The resources where the date is based on a period (such as Encounter or Procedure) may cause duplicates in the multiprocessing because one entry may belong to multiple time spans that are generated. You can drop the ID duplicates once you have built a DataFrame with your data.

trade_rows_for_bundles

In case we already have an Excel sheet or CSV file with fhir_patient_ids or any other identifier), and we want to request resources based on those identifiers we can use the function trade_rows_for_bundles:

search = ...
# DataFrame containing FHIR patient IDs
patient_df = ...

# Collect all imaging studies defined within df_reports
dr_bundles = search.trade_rows_for_bundles(
  patient_df,
  resource_type="DiagnosticReport",
  request_params={"_count": "100", "status": "final"},
  df_constraints={"subject": "fhir_patient_id"},
)

We only have to define the resource_type and the constraints that we want to enforce from the DataFrame in df_constraints. This dictionary should contain pairs of (fhir_identifier, identifier_column) where fhir_identifier is the API search parameter and identifier_column is the column where the values that we want to search for are stored. Additionally, a system can be used to better identify the constraints of the DataFrame. For example, let us assume that we have a column of the DataFrame (called loinc_code that contains a bunch of different LOINC codes. Our df_constraints could look as follows:

df_constraints={"code": ("http://loinc.org", "loinc_code")}

This function also uses multiprocessing, but differently from before, it will process the rows of the DataFrame in parallel.

bundles_to_dataframe

The two functions described above return a generator of FHIRObj bundles which can then be converted to a DataFrame using this function.

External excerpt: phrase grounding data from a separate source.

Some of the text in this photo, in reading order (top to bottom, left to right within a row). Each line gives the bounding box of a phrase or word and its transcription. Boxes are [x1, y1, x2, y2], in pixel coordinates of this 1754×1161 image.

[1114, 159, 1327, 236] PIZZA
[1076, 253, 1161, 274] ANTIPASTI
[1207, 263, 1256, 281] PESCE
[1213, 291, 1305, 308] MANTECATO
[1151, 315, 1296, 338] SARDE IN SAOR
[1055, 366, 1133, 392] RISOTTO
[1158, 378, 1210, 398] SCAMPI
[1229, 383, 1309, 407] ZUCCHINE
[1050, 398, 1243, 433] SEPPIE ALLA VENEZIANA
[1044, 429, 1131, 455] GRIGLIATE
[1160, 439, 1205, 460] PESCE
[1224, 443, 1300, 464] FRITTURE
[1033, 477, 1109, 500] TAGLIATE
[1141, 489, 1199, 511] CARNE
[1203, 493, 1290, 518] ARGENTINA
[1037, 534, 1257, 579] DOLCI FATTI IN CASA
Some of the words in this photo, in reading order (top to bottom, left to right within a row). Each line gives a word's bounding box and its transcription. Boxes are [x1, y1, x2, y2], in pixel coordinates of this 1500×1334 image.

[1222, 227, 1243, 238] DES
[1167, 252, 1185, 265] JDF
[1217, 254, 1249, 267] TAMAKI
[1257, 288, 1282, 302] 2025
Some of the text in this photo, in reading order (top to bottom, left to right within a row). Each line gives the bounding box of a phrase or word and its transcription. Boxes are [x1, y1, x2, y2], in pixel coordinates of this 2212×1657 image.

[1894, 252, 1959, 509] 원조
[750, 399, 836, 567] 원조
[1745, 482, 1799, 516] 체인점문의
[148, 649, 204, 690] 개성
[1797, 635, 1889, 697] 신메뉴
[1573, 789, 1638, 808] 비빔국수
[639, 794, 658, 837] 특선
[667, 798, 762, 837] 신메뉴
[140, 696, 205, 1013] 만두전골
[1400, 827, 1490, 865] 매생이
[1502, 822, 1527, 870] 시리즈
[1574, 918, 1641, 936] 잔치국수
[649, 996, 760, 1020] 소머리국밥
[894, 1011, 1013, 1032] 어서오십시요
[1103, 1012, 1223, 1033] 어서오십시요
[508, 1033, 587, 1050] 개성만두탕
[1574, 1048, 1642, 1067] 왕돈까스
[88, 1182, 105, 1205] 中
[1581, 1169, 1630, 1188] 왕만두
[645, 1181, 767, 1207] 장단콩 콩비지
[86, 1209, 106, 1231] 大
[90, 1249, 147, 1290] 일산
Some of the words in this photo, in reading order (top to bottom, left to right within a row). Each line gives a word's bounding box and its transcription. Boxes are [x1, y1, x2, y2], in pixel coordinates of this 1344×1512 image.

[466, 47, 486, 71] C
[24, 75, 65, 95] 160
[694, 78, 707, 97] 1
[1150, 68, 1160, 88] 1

The bundles_to_dataframe has three options on how to handle and extract the relevant information from the bundles:

  1. Extract everything, in this case you can use the flatten_data function, which is already the default for process_function, so you do not actually need to specify anything.
# Create bundles with Pirate
search = ...
bundles = ...
# Convert the returned bundles to a dataframe
df = search.bundles_to_dataframe(
    bundles=bundles,
)
  1. Use a processing function where you define exactly which attributes are needed by iterating through the entries and selecting the elements. The values that will be added to the dictionary represent the columns of the DataFrame. For an example of when it might make sense to do this, check Example 3.
from typing import List, Dict
from fhir_pyrate.util.fhirobj import FHIRObj
# Create bundles with Pirate
search = ...
bundles = ...
def get_diagnostic_text(bundle: FHIRObj) -> List[Dict]:
    records = []
    for entry in bundle.entry or []:
        resource = entry.resource
        records.append(
            {
                "fhir_diagnostic_report_id": resource.id,
                "report_status": resource.text.status,
                "report_text": resource.text.div,
            }
        )
    return records
# Convert the returned bundles to a dataframe
df = search.bundles_to_dataframe(
    bundles=bundles,
    process_function=get_diagnostic_text,
)
  1. Extract only part of the information using the fhir_paths argument. Here you can put a list of string that follow the FHIRPath standard. For this purpose, we use the fhirpath-py package, which uses the antr4 parser. Additionally, you can use tuples like (key, fhir_path), where key will be the name of the column the information derived from that FHIRPath will be stored.
# Create bundles with Pirate
search = ...
bundles = ...
# Convert the returned bundles to a dataframe
df = search.bundles_to_dataframe(
    bundles=bundles,
    fhir_paths=["id", ("code", "code.coding"), ("identifier", "identifier[0].code")],
)

NOTE 1 on FHIR paths: The standard also allows some primitive math operations such as modulus (mod) or integer division (div), and this may be problematic if there are fields of the resource that use these terms as attributes. It is actually the case in many generated public FHIR resources. In this case the term text.div cannot be used, and you should use a processing function instead (as in 2.).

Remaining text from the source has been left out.